▶ _Task_
Return the data below in full and exactly, except that the pictures are dropped.

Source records
══════════

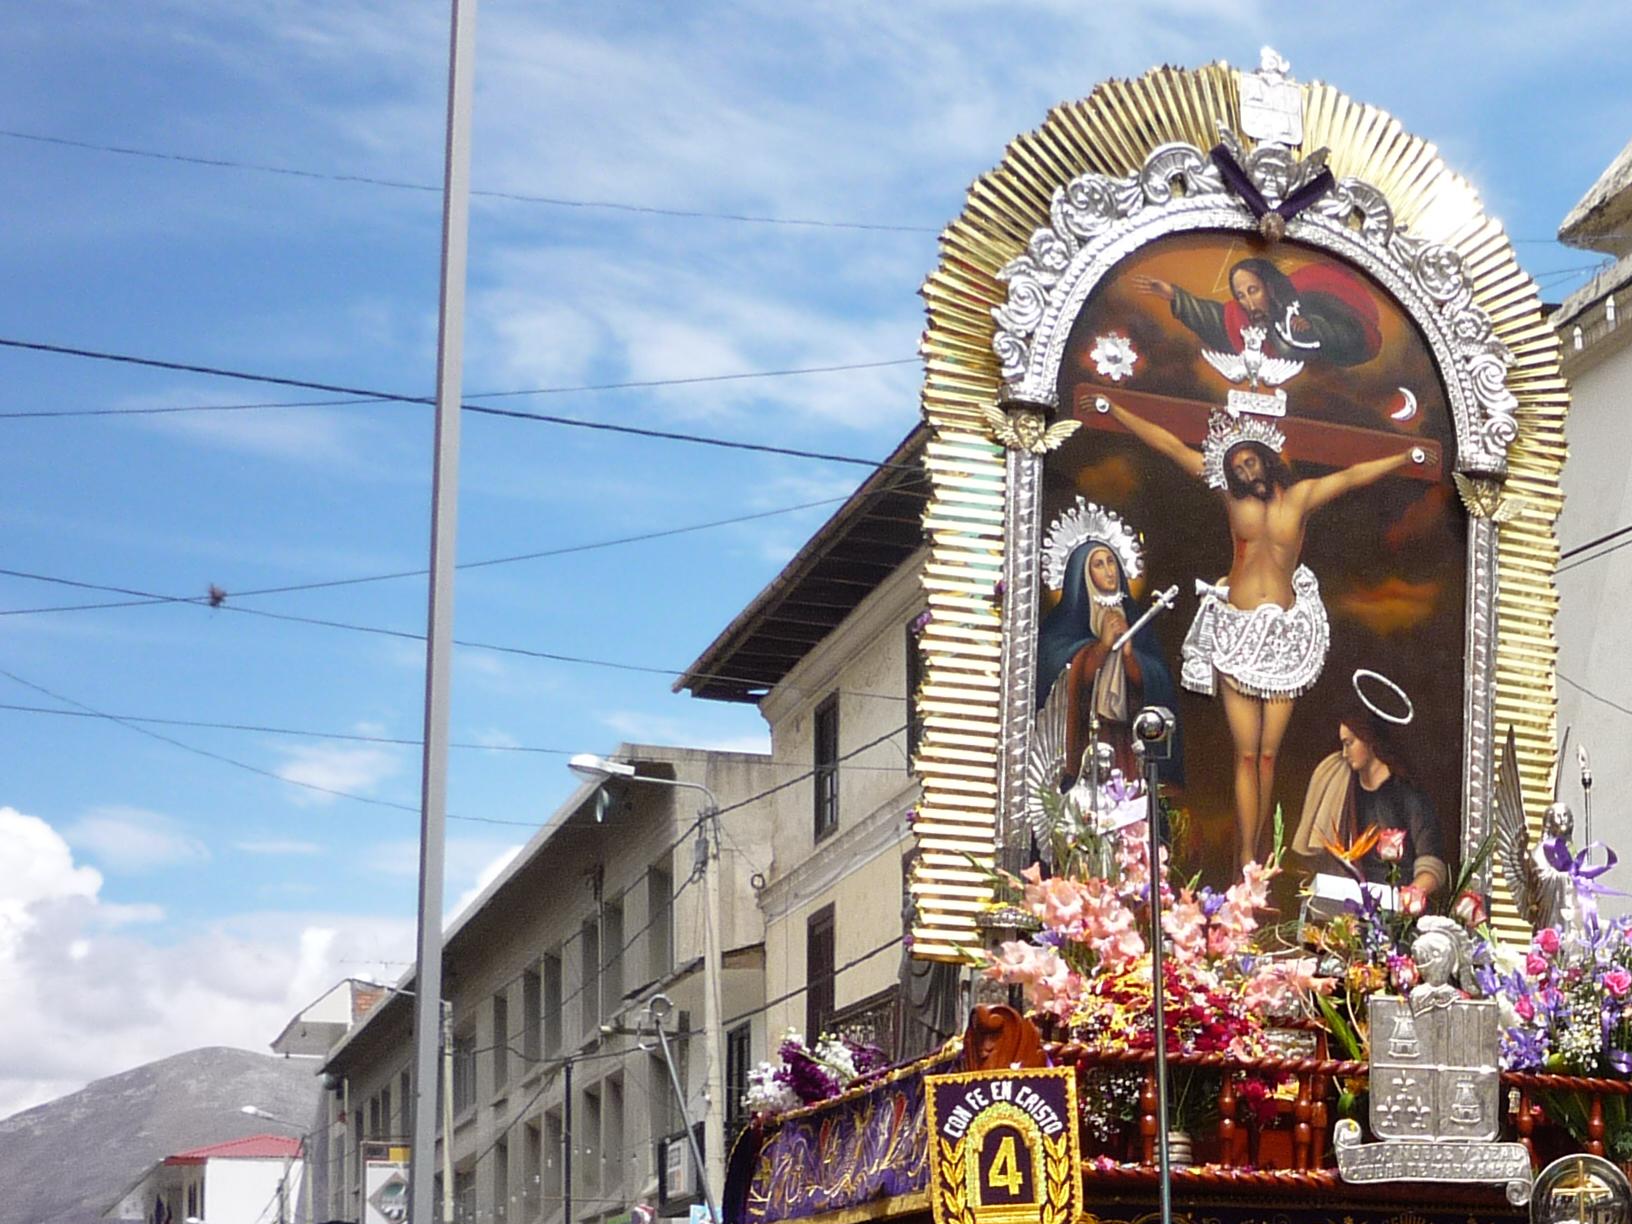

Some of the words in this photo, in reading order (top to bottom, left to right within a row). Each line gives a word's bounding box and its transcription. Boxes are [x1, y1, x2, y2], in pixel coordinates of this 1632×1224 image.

[943, 1105, 973, 1138] CON
[964, 1088, 989, 1110] FE
[990, 1081, 1012, 1101] EN
[1015, 1086, 1063, 1135] CRISTO
[988, 1136, 1024, 1196] 4
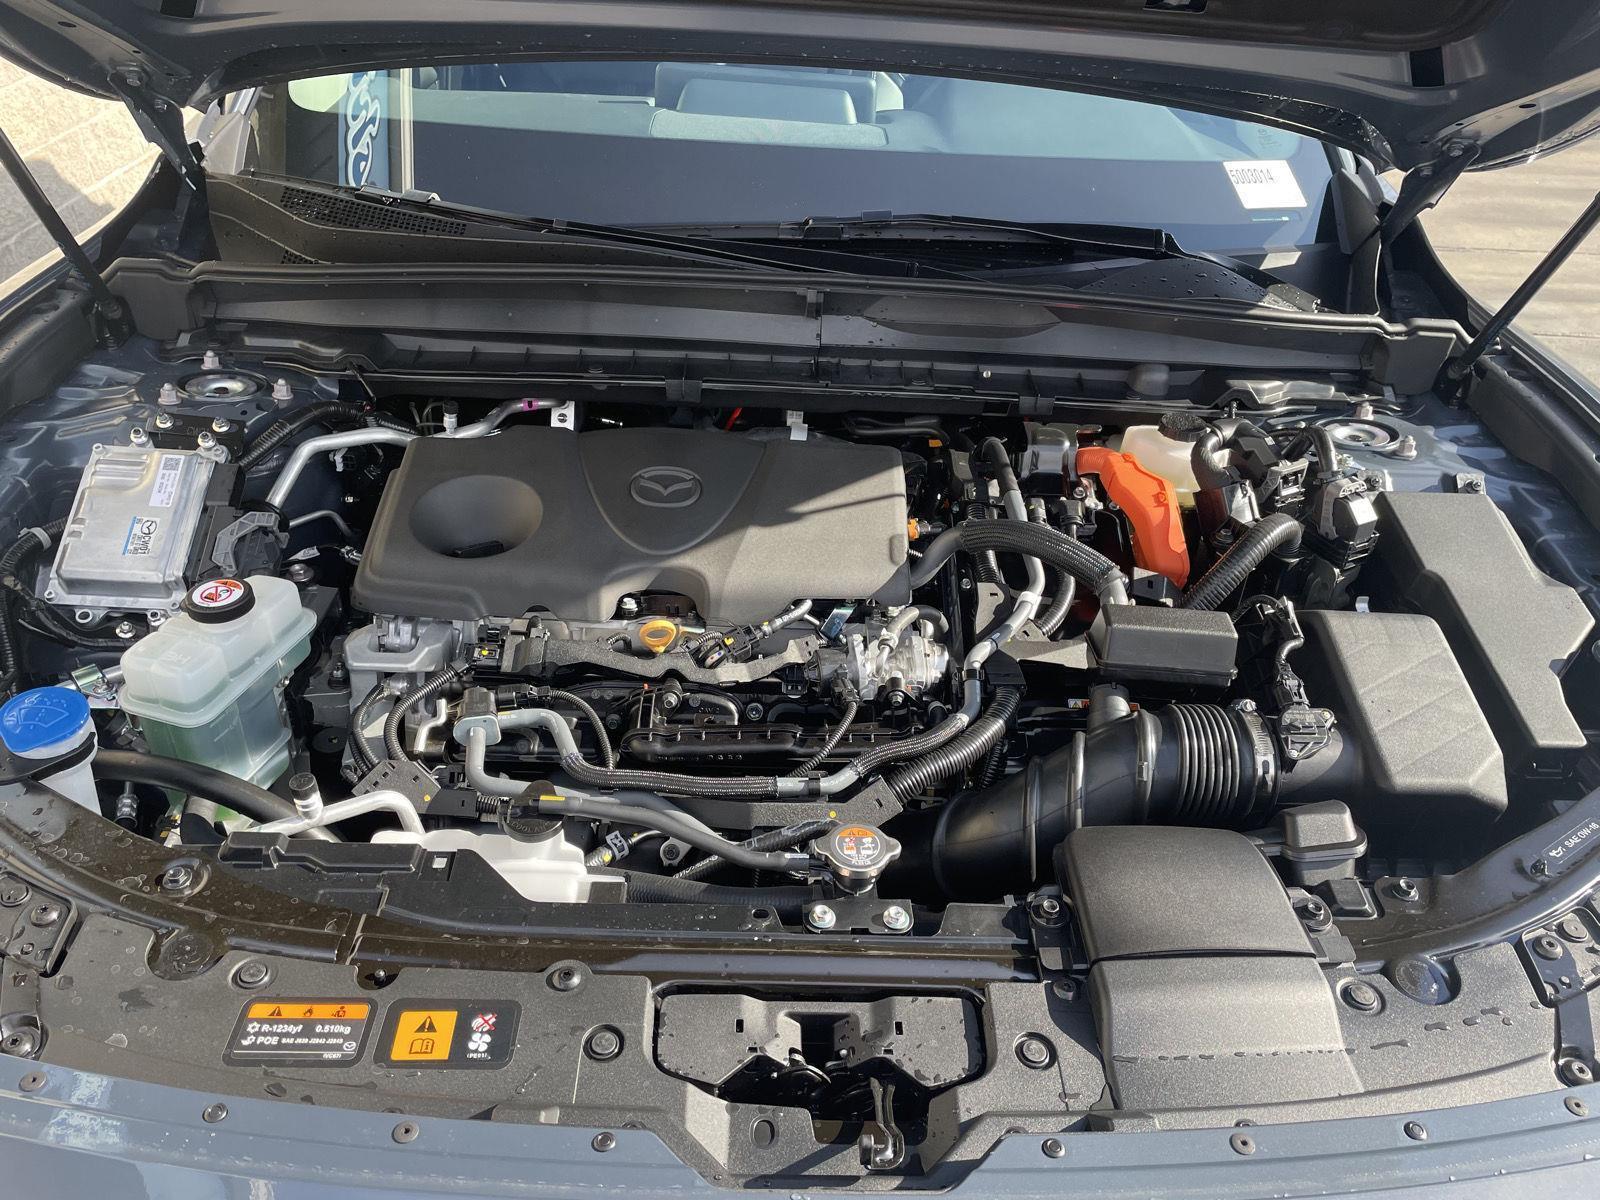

══════════

▶ _Response for this exercise_
Some of the words in this photo, in reading order (top to bottom, left to right within a row). Each line gives a word's bounding box and its transcription. Boxes are [x1, y1, x2, y2], in pixel coordinates of this 1632×1224 image.

[943, 1105, 973, 1138] CON
[964, 1088, 989, 1110] FE
[990, 1081, 1012, 1101] EN
[1015, 1086, 1063, 1135] CRISTO
[988, 1136, 1024, 1196] 4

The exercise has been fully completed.